In the records that follow, skip the pictures and print everything else exactly.

+ + + +

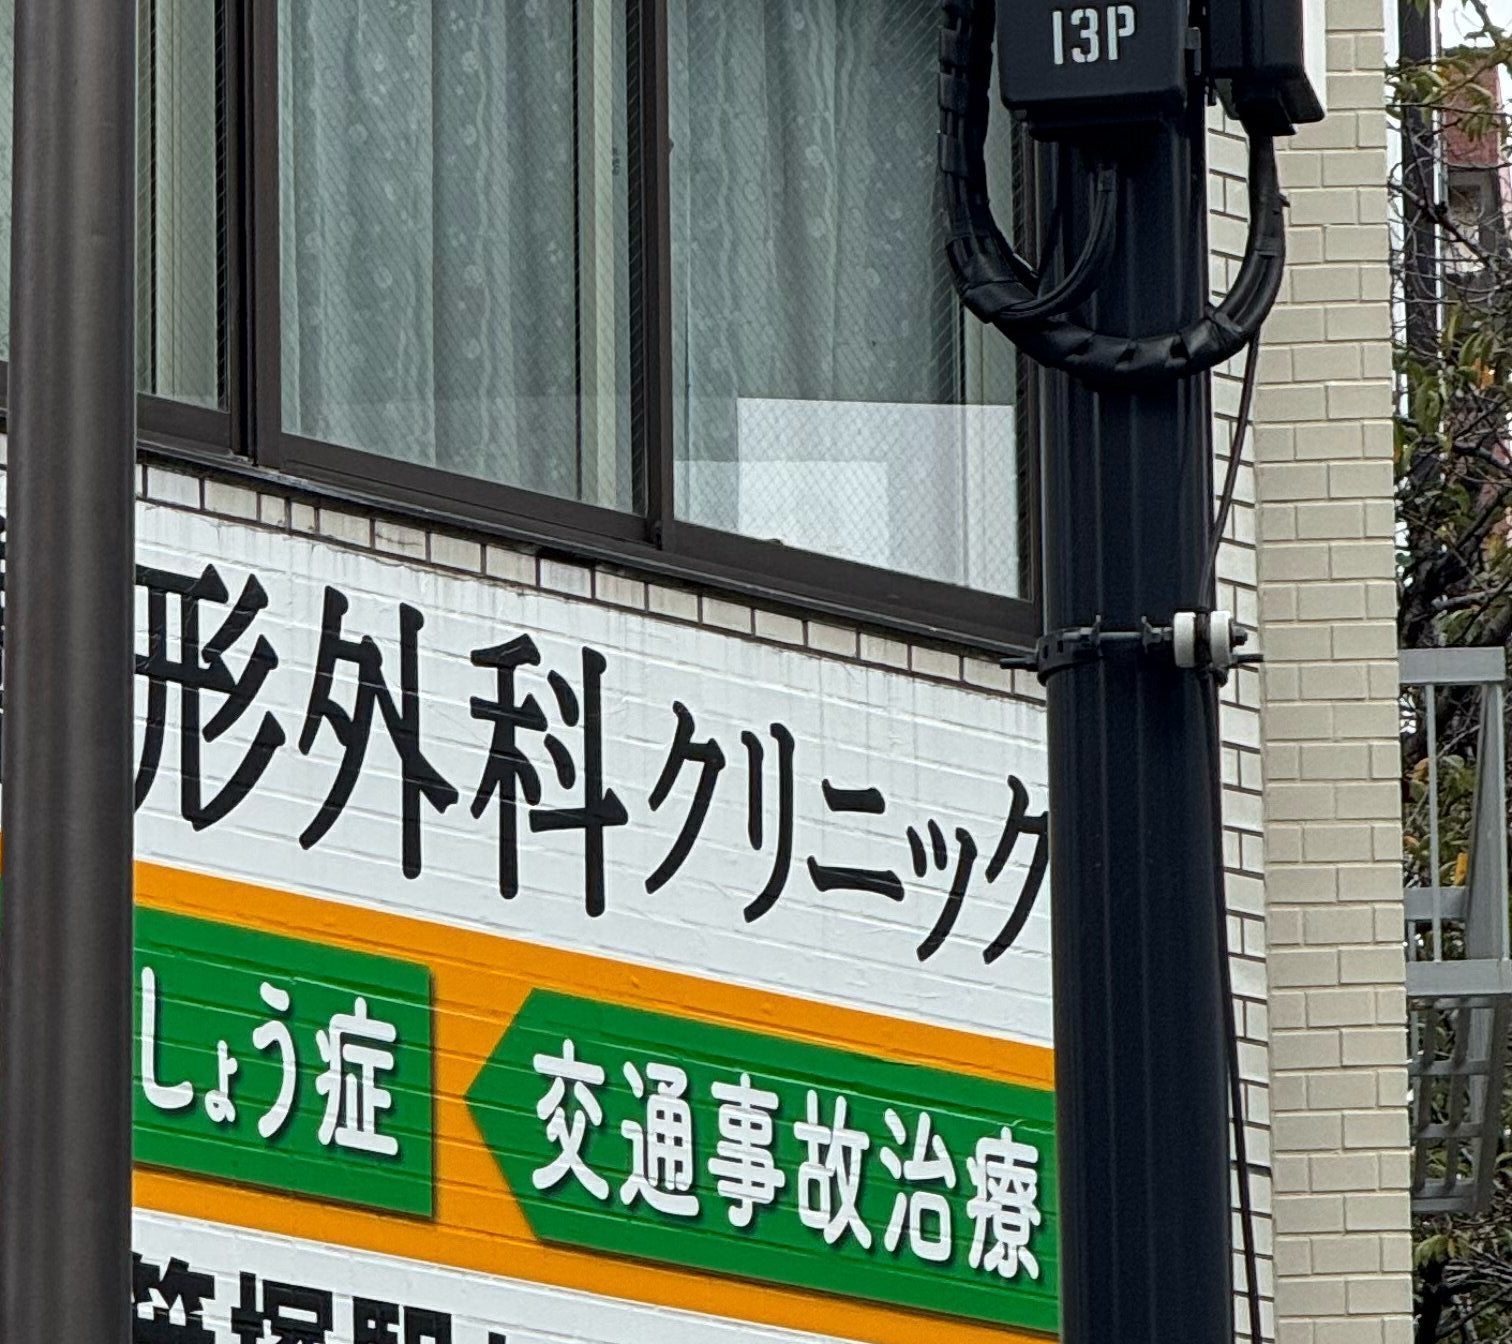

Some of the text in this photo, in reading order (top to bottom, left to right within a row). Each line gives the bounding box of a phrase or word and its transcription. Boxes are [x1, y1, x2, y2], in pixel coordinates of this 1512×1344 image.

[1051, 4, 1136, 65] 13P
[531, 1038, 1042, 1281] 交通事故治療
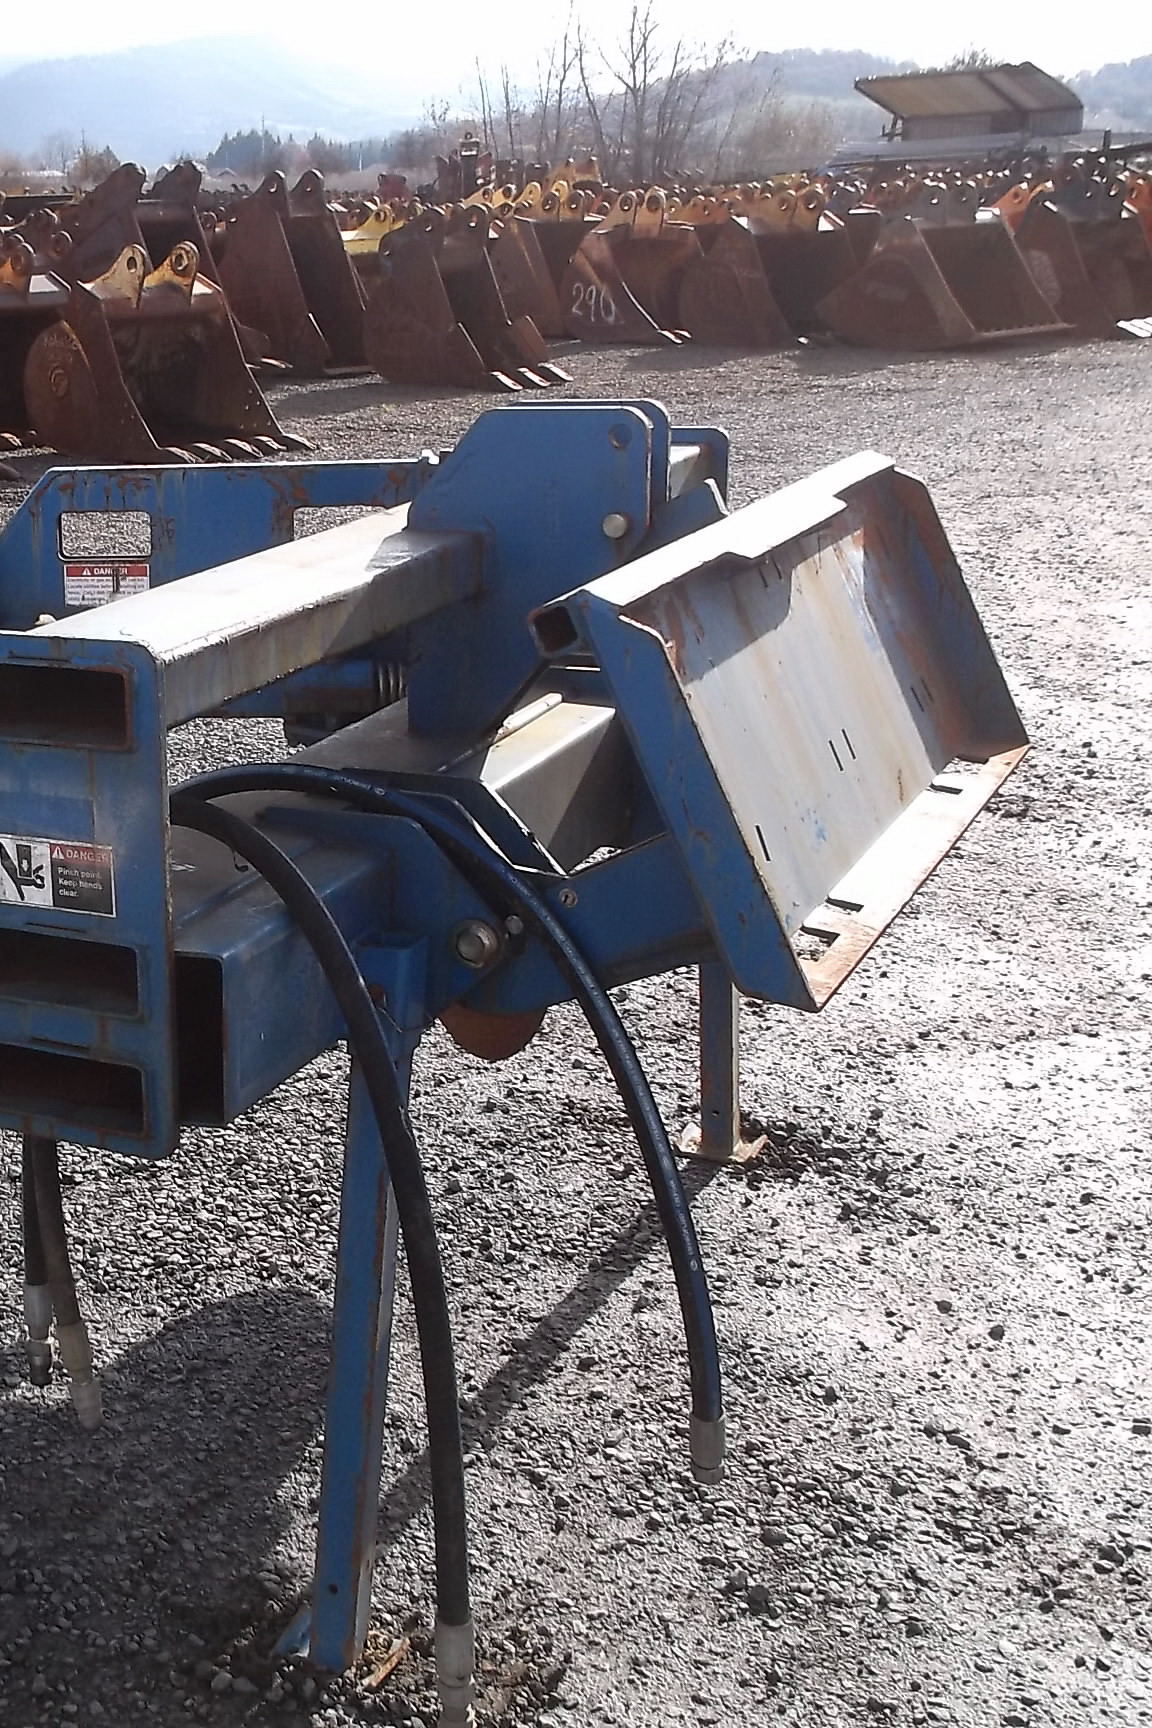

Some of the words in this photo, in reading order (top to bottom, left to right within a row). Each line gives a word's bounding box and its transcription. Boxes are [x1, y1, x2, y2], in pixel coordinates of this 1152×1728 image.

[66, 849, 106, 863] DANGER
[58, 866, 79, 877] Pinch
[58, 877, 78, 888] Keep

+ + + +

**Task output**.
Some of the text in this photo, in reading order (top to bottom, left to right within a row). Each line gives the bounding box of a phrase or word and its transcription. Boxes are [x1, y1, x2, y2], in pixel coordinates of this 1512×1344 image.

[1051, 4, 1136, 65] 13P
[531, 1038, 1042, 1281] 交通事故治療

Some of the words in this photo, in reading order (top to bottom, left to right within a row). Each line gives a word's bounding box and its transcription. Boxes are [x1, y1, x2, y2], in pixel coordinates of this 1152×1728 image.

[66, 849, 106, 863] DANGER
[58, 866, 79, 877] Pinch
[58, 877, 78, 888] Keep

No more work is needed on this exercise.